Wie funktioniert eine Glühlampe?
Artikel (Nr.1915) wurde am 28.07.2010 veröffentlicht
Die klassische Glühlampe steht vor ihrem Aus. Der Handel damit ist schon jetzt gesetzlich eingeschränkt, und bald wird man sie gar nicht mehr bekommen. Der Grund dafür ist, dass sie zuviel Strom verbraucht. Und zur Erzeugung dieses Stroms (oder zumindest eines erheblichen Teils davon) wird Kohle verbrannt. Das wiederum setzt Kohlenstoffdioxid frei und trägt damit zur Klimaveränderung bei. Kein Wunder also, dass der Gesetzgeber beschlossen hat, dass Glühlampen (umgangssprachlich meist als Glühbirnen bezeichnet) bald der Vergangenheit angehören sollen. Trotzdem bleibt die Glühbirne natürlich ein technisches Wunderwerk, mit dem Edison einst die Welt veränderte.

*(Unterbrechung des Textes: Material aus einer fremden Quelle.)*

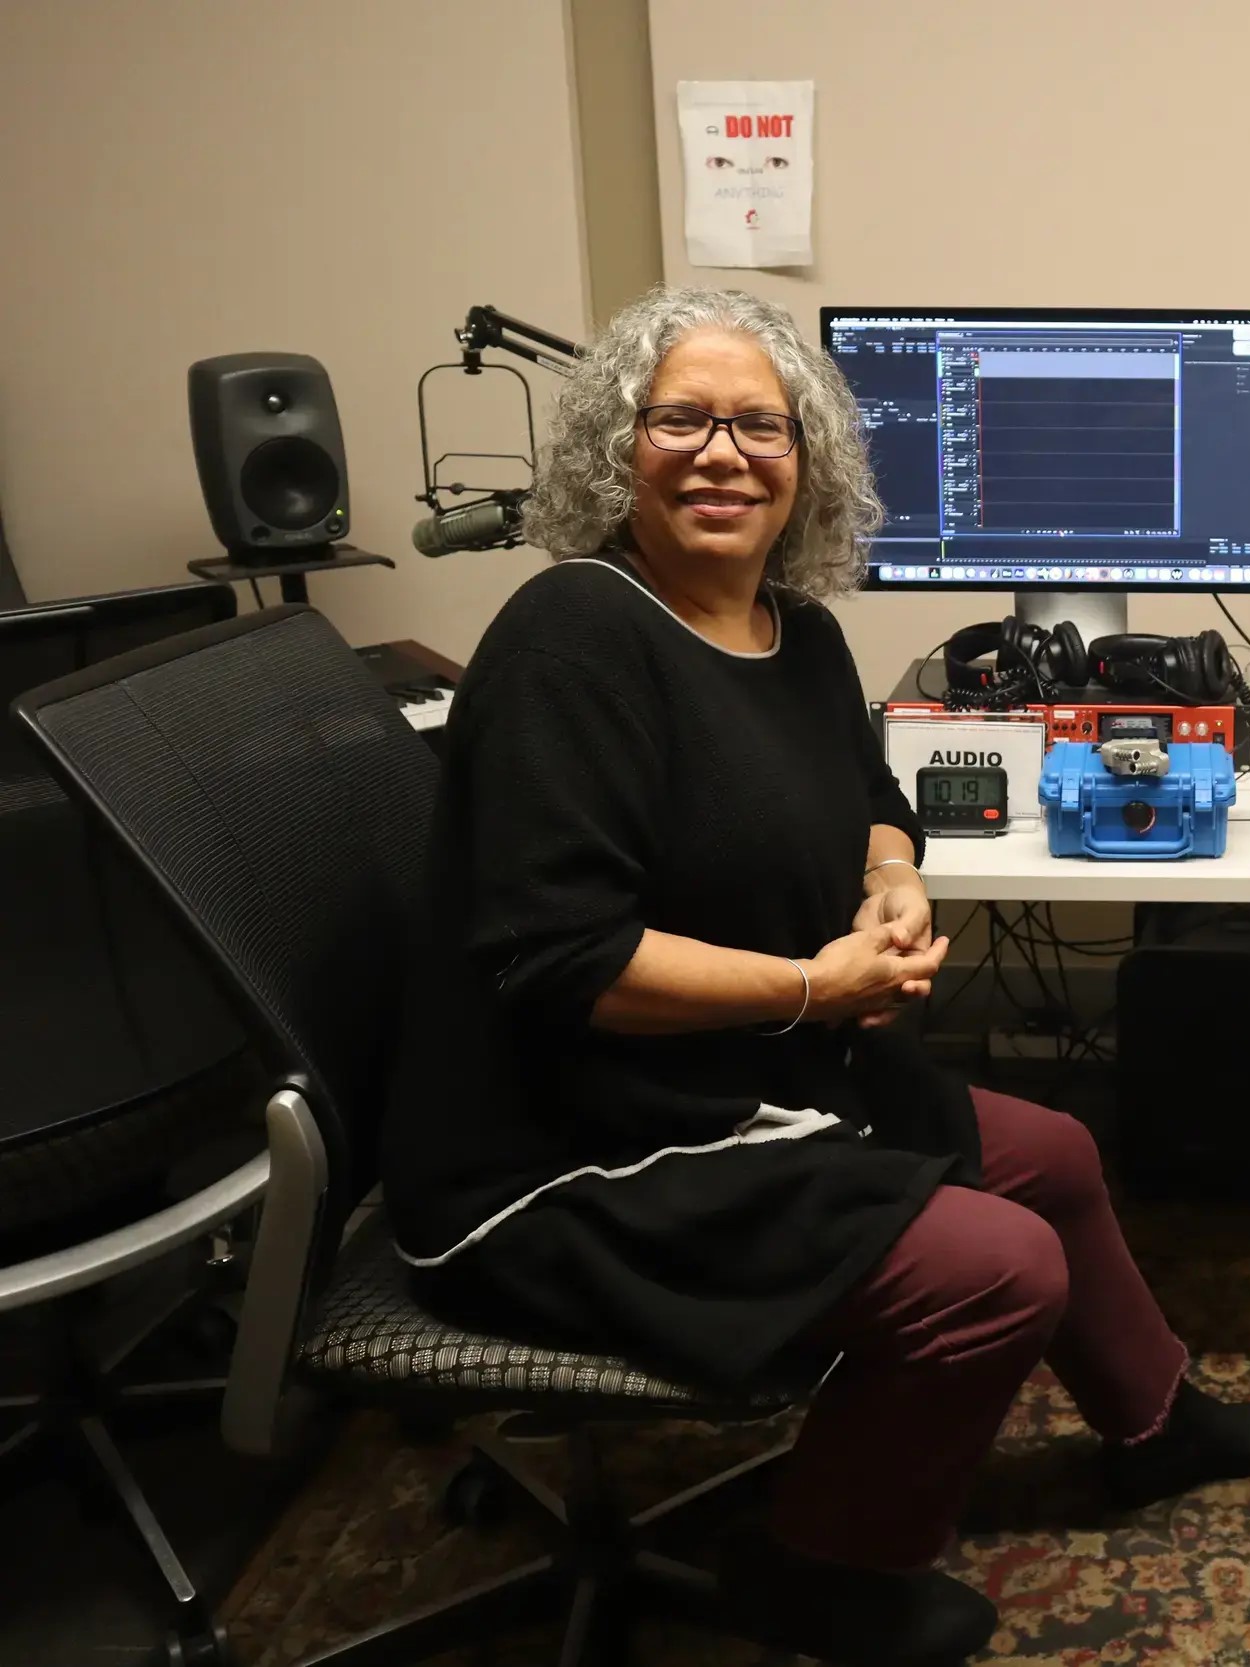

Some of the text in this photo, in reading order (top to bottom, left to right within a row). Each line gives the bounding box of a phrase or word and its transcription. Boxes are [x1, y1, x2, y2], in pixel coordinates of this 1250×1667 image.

[725, 115, 752, 138] DO
[757, 115, 794, 138] NOT
[929, 750, 1003, 767] AUDIO

Grund genug, sich einmal klar zu machen, wie diese Lampen überhaupt funktionieren. In einer birnenförmigen Glashülle befindet sich ein Draht, der über zwei Anschlüsse mit der Stromquelle verbunden wird – das geschieht beim Einschrauben in die Fassung. Wird nun mithilfe des Lichtschalters der Stromkreis geschlossen, so fließt der Strom durch den Draht. Dabei wird der Draht so heiß, dass er glüht – mit anderen Worten, er beginnt, Licht auszusenden. Man nennt ihn deshalb auch Glühdraht. Aus diesem Funktionsprinzip ergibt sich auch, warum die Glühlampe so ein Energiefresser ist. Zum Einen benötigt man eine große Stromstärke, um den Draht bis zum Leuchten zu erhitzen. Zum Anderen wird eben der größte Teil der hineingesteckten Energie nicht in Licht, das man ja haben will, umgewandelt – sondern in Hitze. Jeder, der sich schon mal beim Anfassen einer Glühbirne die Finger verbrannt hat, kann das bestätigen.
Wenn man in Zukunft auf diese Art von Lampen verzichtet, stellt sich natürlich die Frage, durch was für Beleuchtungssysteme man sie ersetzen will. Hier ist an Systeme wie Etalux zu denken, das auf die klassische Leuchtstoffröhre zurückgreift. Für den Privatanwender wird es aber mittelfristig wohl auf LEDs hinauslaufen, auch als Leuchtdioden bekannt.